The current draft of Policy 50, President of the University, reads “…The term of office of the President of the University is normally six years, renewable for six years to a maximum of 12 years.” This decision to recommend that the next President serve a five-year term with the possibility of renewal, is the result of observations of the Presidential Nominating Committee members that "a total presidential term of 12 years may be too long for one person to fill the position of president in a rapidly changing world and university sector, and that in the normal course, a total term of 10 years is the most appropriate total maximum appointment length."
The committee also notes that the five-year term structure is in line with current practices at many of Waterloo’s comparator institutions.
The committee feels that the flexibility of the Policy 50 wording on term lengths is such that a formal review of the policy is not warranted at this time.
You want more Good Buddies of the University? You got 'em
"Office Assistant Rosie does not approve of recent cuts due to the Covid crisis," writes Chantal Wall of Co-operative and Experiential Education. "In related news, I will not be quitting my day job to become a dog groomer."
"Here's a picture of my girl totally irritated at having to dodge the power cord," writes Sharon Rumpel, associate director, parking, grounds and transportation.
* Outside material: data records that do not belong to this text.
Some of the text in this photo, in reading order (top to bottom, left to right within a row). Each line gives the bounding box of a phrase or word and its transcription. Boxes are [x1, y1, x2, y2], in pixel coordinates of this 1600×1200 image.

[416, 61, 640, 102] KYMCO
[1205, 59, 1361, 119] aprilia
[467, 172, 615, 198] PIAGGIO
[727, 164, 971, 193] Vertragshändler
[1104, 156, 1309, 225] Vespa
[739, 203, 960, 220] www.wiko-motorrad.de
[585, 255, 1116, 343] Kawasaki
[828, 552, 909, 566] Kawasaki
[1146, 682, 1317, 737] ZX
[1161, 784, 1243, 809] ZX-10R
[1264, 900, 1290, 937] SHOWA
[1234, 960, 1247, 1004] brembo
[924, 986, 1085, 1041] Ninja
"Here's a picture of Stoneleigh, my cuddly little cockapoo, helping me answer my Monday morning e-mails!" writes Jessica McCormick, immigration consultant in the Student Success Office. "She keeps me smiling amidst the stressful moments."
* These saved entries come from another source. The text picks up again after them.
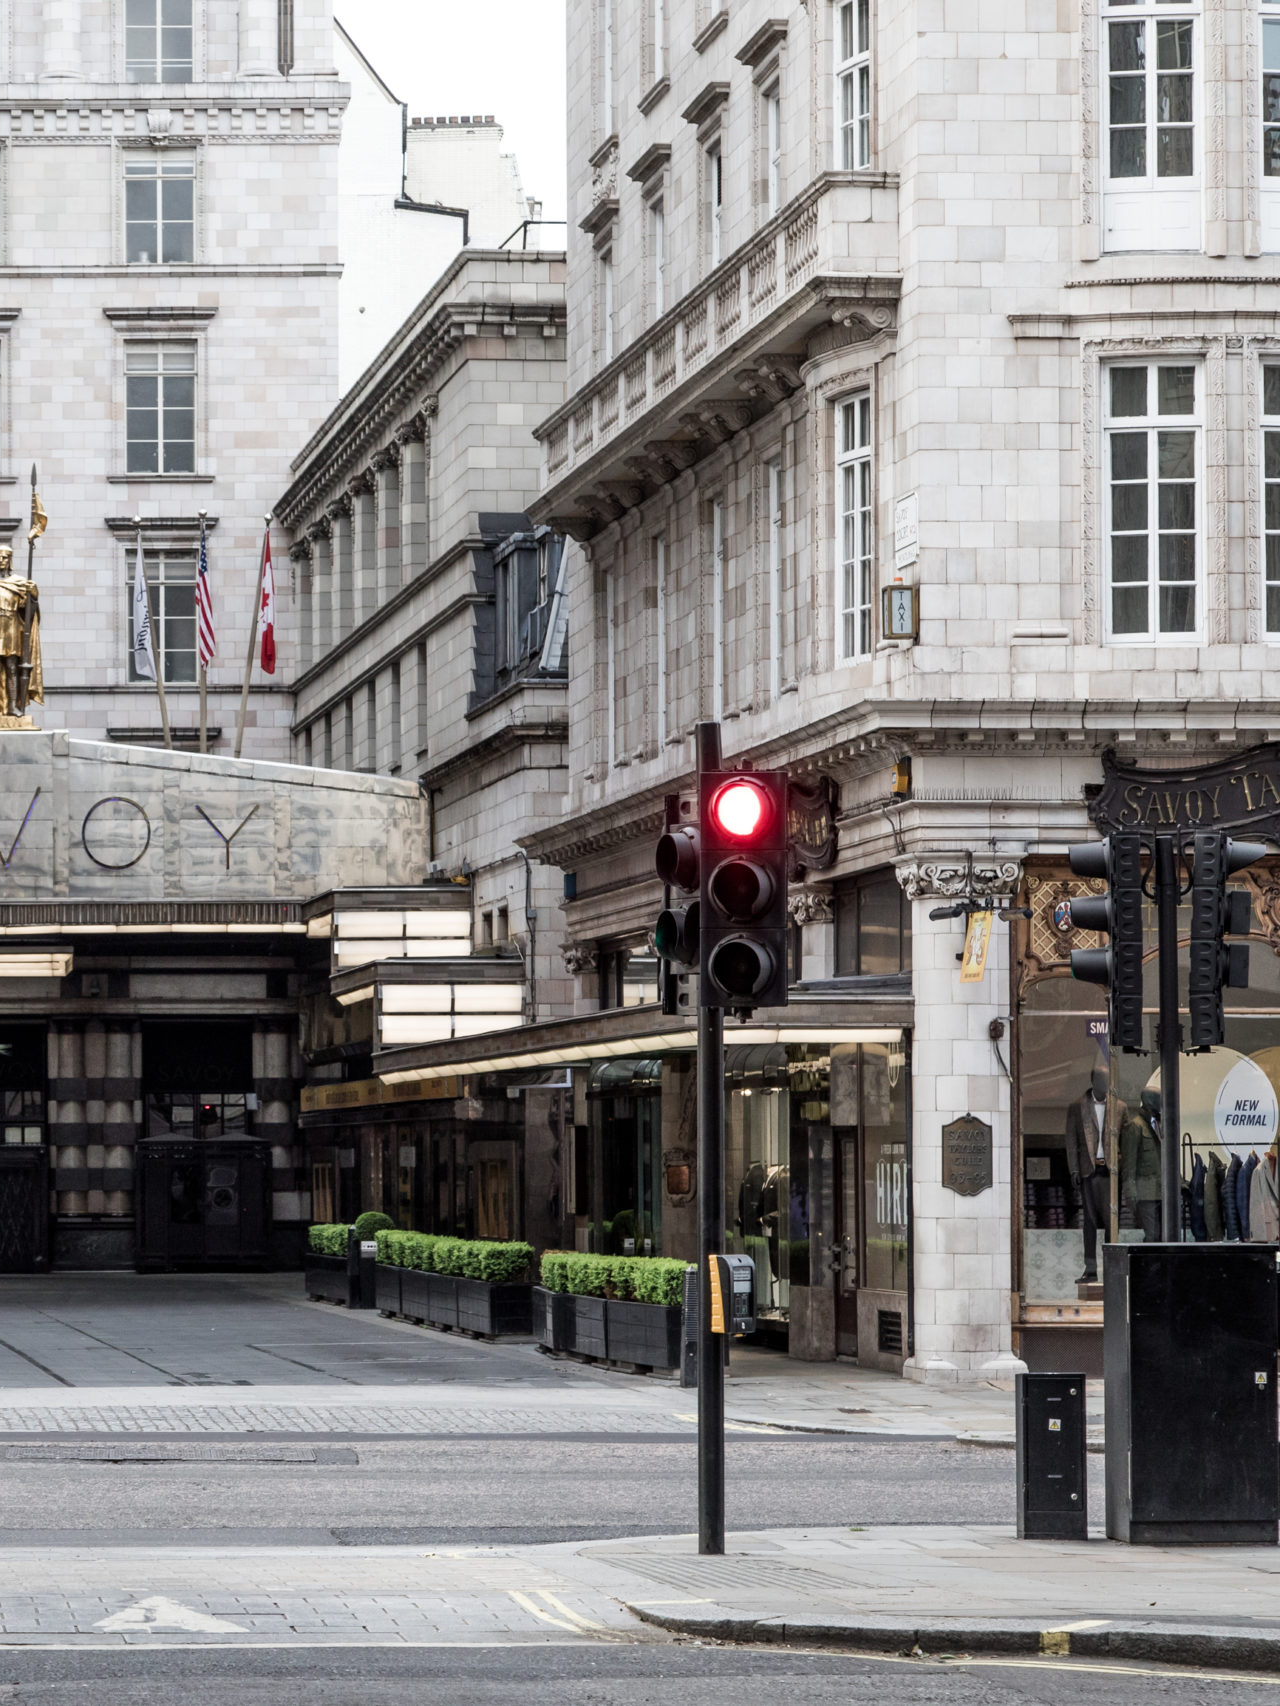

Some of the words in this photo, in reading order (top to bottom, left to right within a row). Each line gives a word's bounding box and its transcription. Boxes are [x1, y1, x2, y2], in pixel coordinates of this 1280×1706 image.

[897, 590, 906, 633] TAXI
[1119, 783, 1224, 826] SAVOY
[1234, 1099, 1260, 1112] NEW
[1224, 1114, 1267, 1127] FORMAL
[948, 1129, 986, 1141] SAVOY
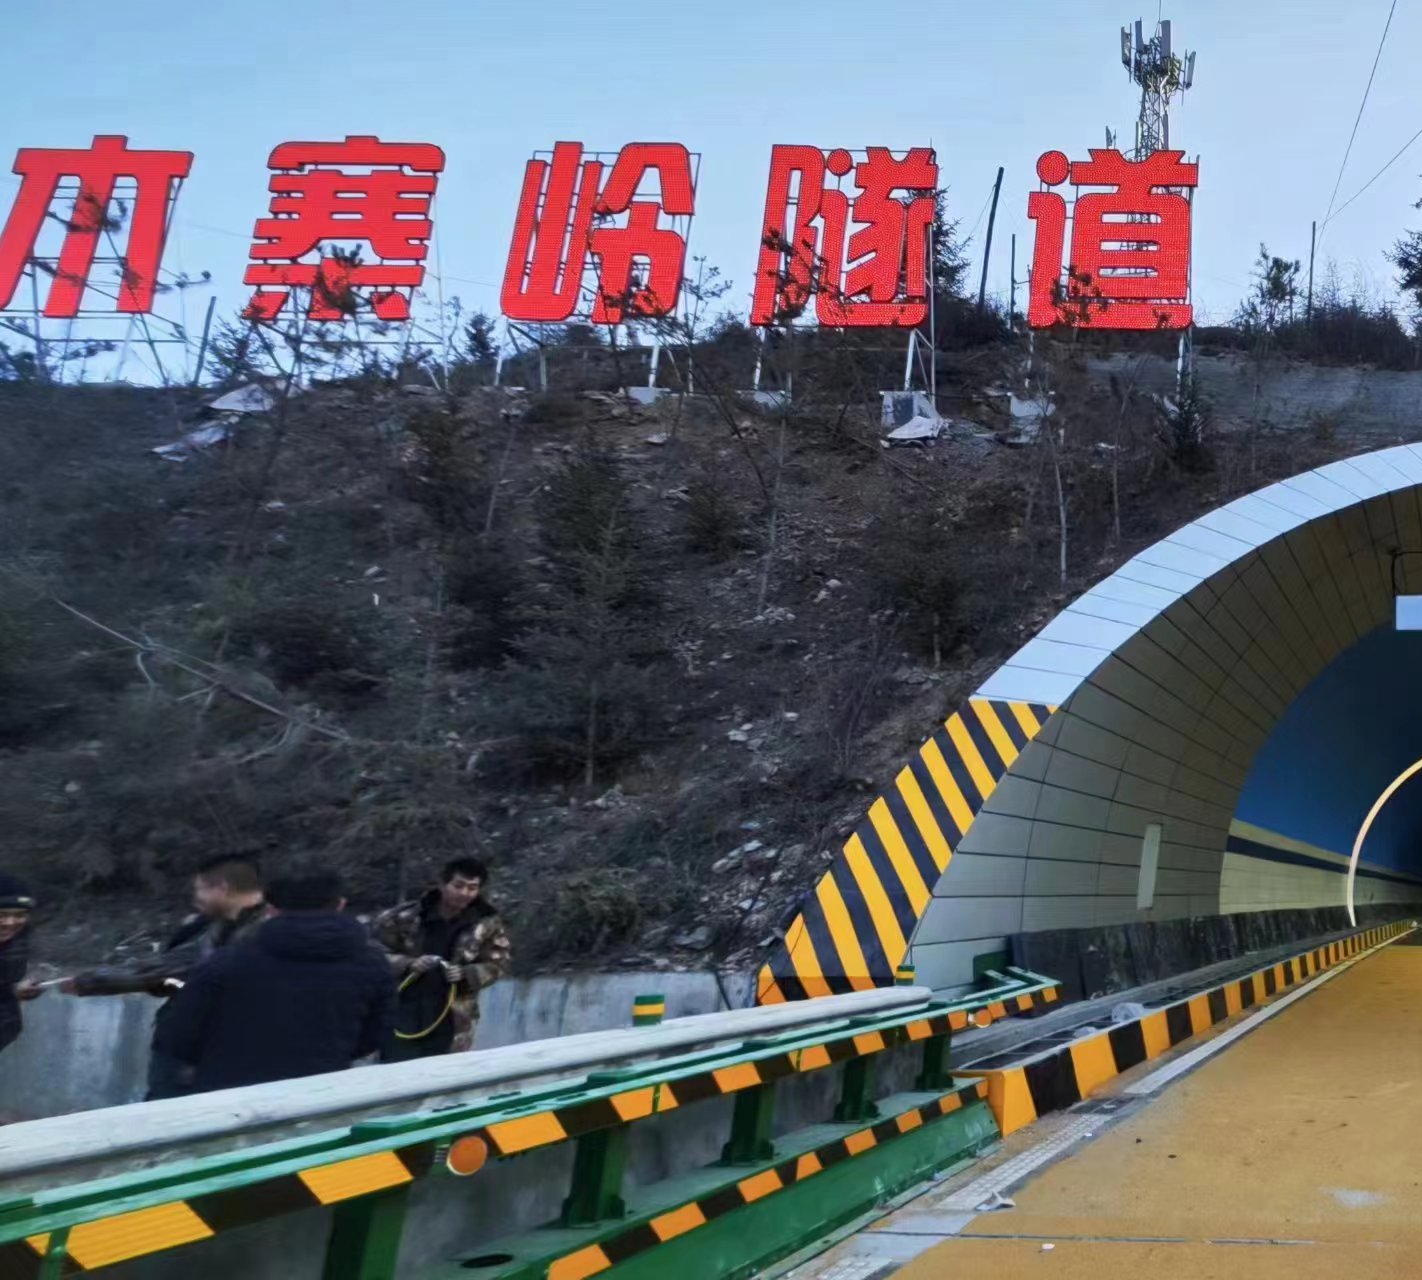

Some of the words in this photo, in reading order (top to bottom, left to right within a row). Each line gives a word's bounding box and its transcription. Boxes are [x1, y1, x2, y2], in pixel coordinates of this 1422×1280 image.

[0, 134, 1199, 330] 木寨岭隧道
"My new workmate, Sophie, is a bit of a bully," writes Debbie Knepper, executive officer in the Registrar's Office. "She passively aggressively stares and sighs at me when I am working, she then turns away when I address it-see exhibit 1 and 2. I feel likes she is constantly scrutinizing me, see exhibit 3-5. She does a lot of napping and is highly unproductive. She also barks at me when she thinks I should be working beside her (something I might need to take up with HR?). She has however been great at encouraging lunch time and end of day walks. I think she was concerned about me as my first work from home day I logged only 236 steps on my Fitbit. I will acknowledge she has been helpful with my work-life balance!"
"My cat Kirkland keeps me company laying beside me all day and doesn’t move until the end of the work day. He makes sure there is some distance between us (keeping with the social distancing regulation), but keeps me so I am not alone," writes Jennifer Crane, examinations specialist at the Centre for Extended Learning.
"My dog Shasta ensures I get out for a walk and fresh air on my lunch break," Crane continues. "I made her sit before our walk for a picture and she was not happy; however, once we got moving she perked right back up."